The thought came unbidden, unwanted, unexpected. Yet was I not a misfit, too? Had not Sakim's teaching given me ideas I might never have had?
Kin-Ring and Yance were better fitted for survival in the New World than I. Yance perhaps best of all, for he asked no questions. He accepted what he found and dealt with it in the best way he could. He lived with his world and had no thought of changing it. If a tree got in the way of his plowing he cut it down. If an Indian tried to kill him, he killed the Indian and went on about his business. Kin-Ring was much the same, although Kin was a planner, a looker-ahead.

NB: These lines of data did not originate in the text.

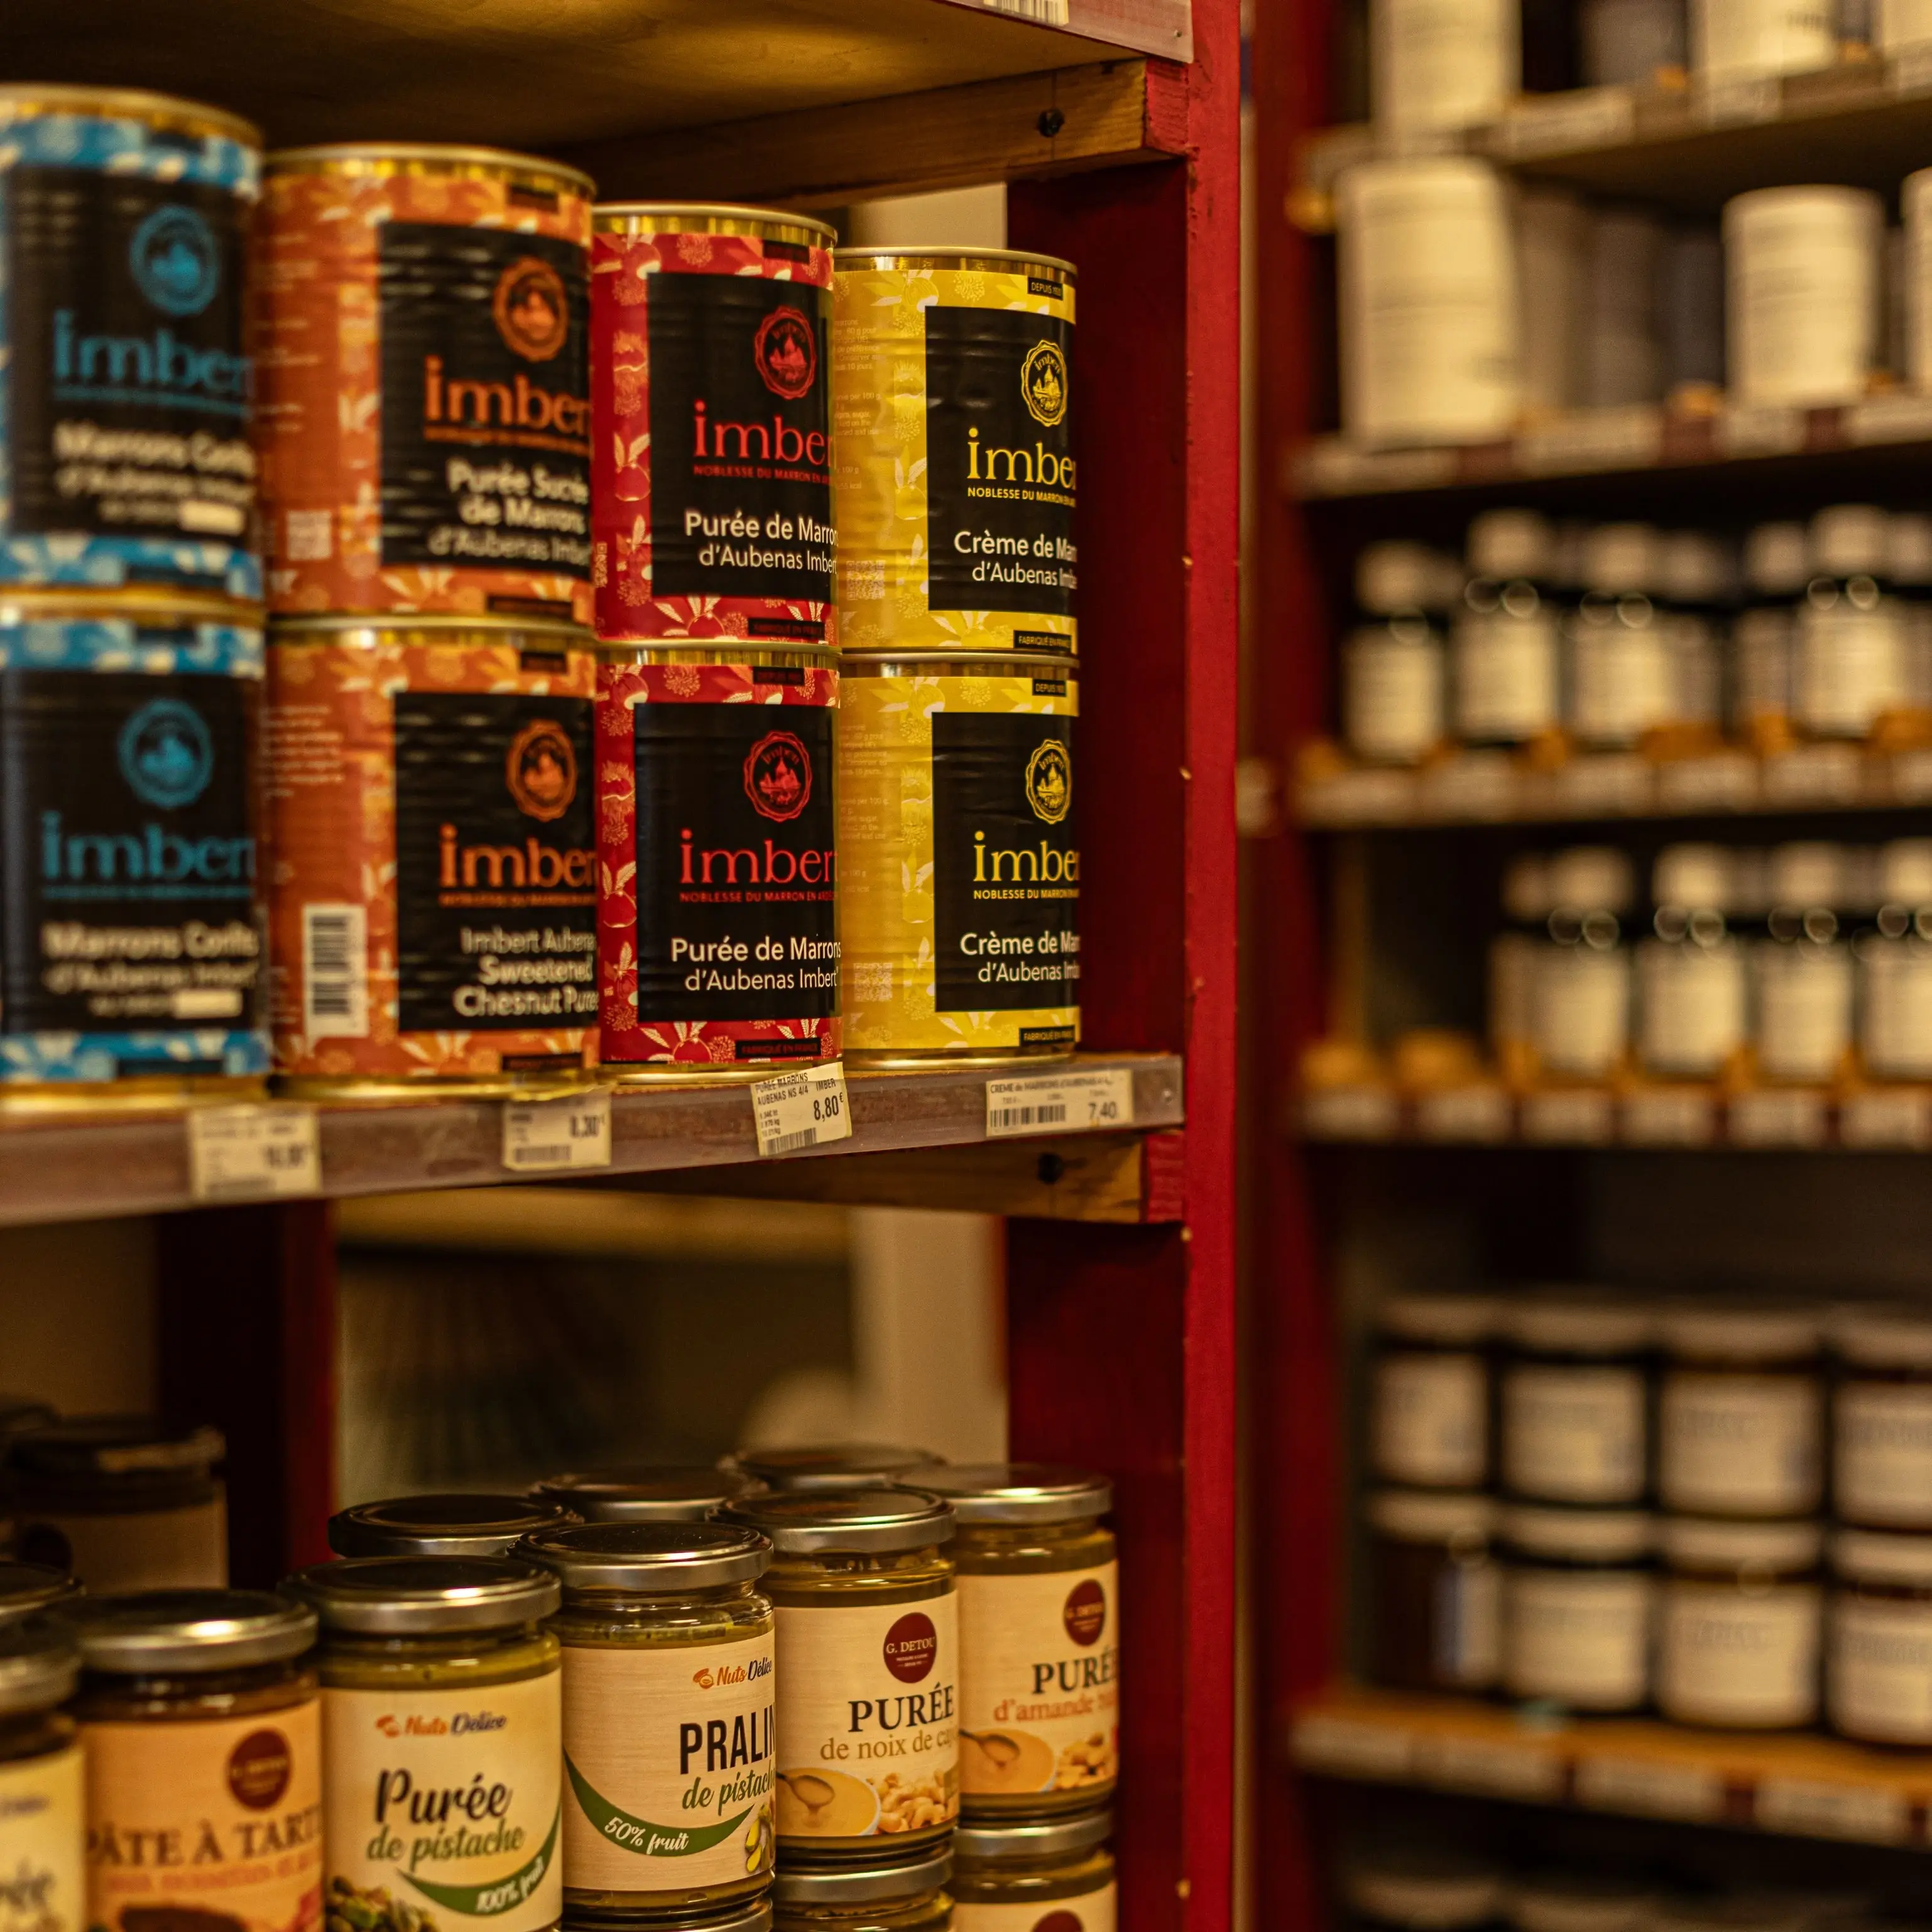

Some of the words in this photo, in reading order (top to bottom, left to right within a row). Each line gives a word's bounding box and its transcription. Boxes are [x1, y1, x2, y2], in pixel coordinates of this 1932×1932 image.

[968, 487, 1020, 499] NOBLESSE
[1022, 489, 1034, 501] DU
[684, 510, 760, 538] Purée
[766, 511, 793, 540] de
[699, 543, 803, 570] d'Aubenas
[954, 528, 1029, 556] Crème
[1033, 533, 1054, 558] de
[972, 560, 1058, 587] d'Aubenas
[680, 891, 742, 903] NOBLESSE
[745, 891, 761, 902] DU
[764, 890, 805, 902] MARRON
[974, 889, 1025, 899] NOBLESSE
[1027, 889, 1039, 899] DU
[670, 935, 748, 962] Purée
[755, 936, 784, 961] de
[790, 936, 841, 960] Marrons
[960, 930, 1034, 956] Crème
[1037, 930, 1058, 954] de
[685, 968, 794, 991] d'Aubenas
[978, 960, 1062, 983] d'Aubenas
[777, 1072, 809, 1088] MARRONS
[758, 1091, 787, 1106] AUBENAS
[788, 1088, 797, 1098] NS
[799, 1085, 809, 1096] 4/4
[717, 1665, 747, 1686] Nuts
[848, 1681, 954, 1733] PURÉE
[679, 1702, 775, 1776] PRALIN
[819, 1737, 849, 1760] de
[857, 1733, 907, 1759] noix
[912, 1728, 933, 1754] de
[374, 1767, 514, 1825] Purée
[682, 1777, 715, 1810] de
[366, 1824, 404, 1861] de
[409, 1817, 527, 1874] pistache
[604, 1816, 646, 1847] 50%
[646, 1831, 690, 1855] fruit

Sakim had been a philosopher and a scientist in his own way, and like those of his time and country his interests had extended into all things. He had questions to ask and answers to seek. He had learning to do, as I had.
Keokotah had a restless mind. The Englishman had aroused something in him that took him away from his people. I began to see that his thinking was no longer theirs.
We were strange ones, Keokotah and I, but the result was less for me than for him. The Indian peoples I had known belonged to clans, and the clans demanded that each member conform. The Indian seemed to have lived much as he had for hundreds of years, and now here and there an Englishman, a Scotsman, a Frenchman was coming among them with disturbing new weapons, new ideas. Keokotah was a victim of change. His Englishman had dropped a pebble into the pool of his thinking, and who knew where the ripples would end?
'Big village soon.' Keokotah pointed ahead of us. 'Quapaw.' He swept a hand to include the country we were in and where we had come from. 'Osage. Ver' tall mans.' His hands measured a distance of a foot or more. 'Taller than me.'
Six and a half or seven feet tall? It was a lot. By signs he indicated they were slightly stooped and had narrow shoulders.